■ **HOW TO COMPLETE THIS TASK**:
Nothing should be left out. Transcribe the entries exactly as written.
START DATA EXTRACTS
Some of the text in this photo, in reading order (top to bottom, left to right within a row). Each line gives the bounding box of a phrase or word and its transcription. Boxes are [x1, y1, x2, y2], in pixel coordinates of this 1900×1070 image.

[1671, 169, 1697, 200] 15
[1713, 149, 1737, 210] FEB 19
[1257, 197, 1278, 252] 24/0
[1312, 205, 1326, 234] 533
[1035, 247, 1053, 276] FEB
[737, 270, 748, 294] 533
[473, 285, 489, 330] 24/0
END DATA EXTRACTS
■ **ANSWER**:
Some of the text in this photo, in reading order (top to bottom, left to right within a row). Each line gives the bounding box of a phrase or word and its transcription. Boxes are [x1, y1, x2, y2], in pixel coordinates of this 1900×1070 image.

[1671, 169, 1697, 200] 15
[1713, 149, 1737, 210] FEB 19
[1257, 197, 1278, 252] 24/0
[1312, 205, 1326, 234] 533
[1035, 247, 1053, 276] FEB
[737, 270, 748, 294] 533
[473, 285, 489, 330] 24/0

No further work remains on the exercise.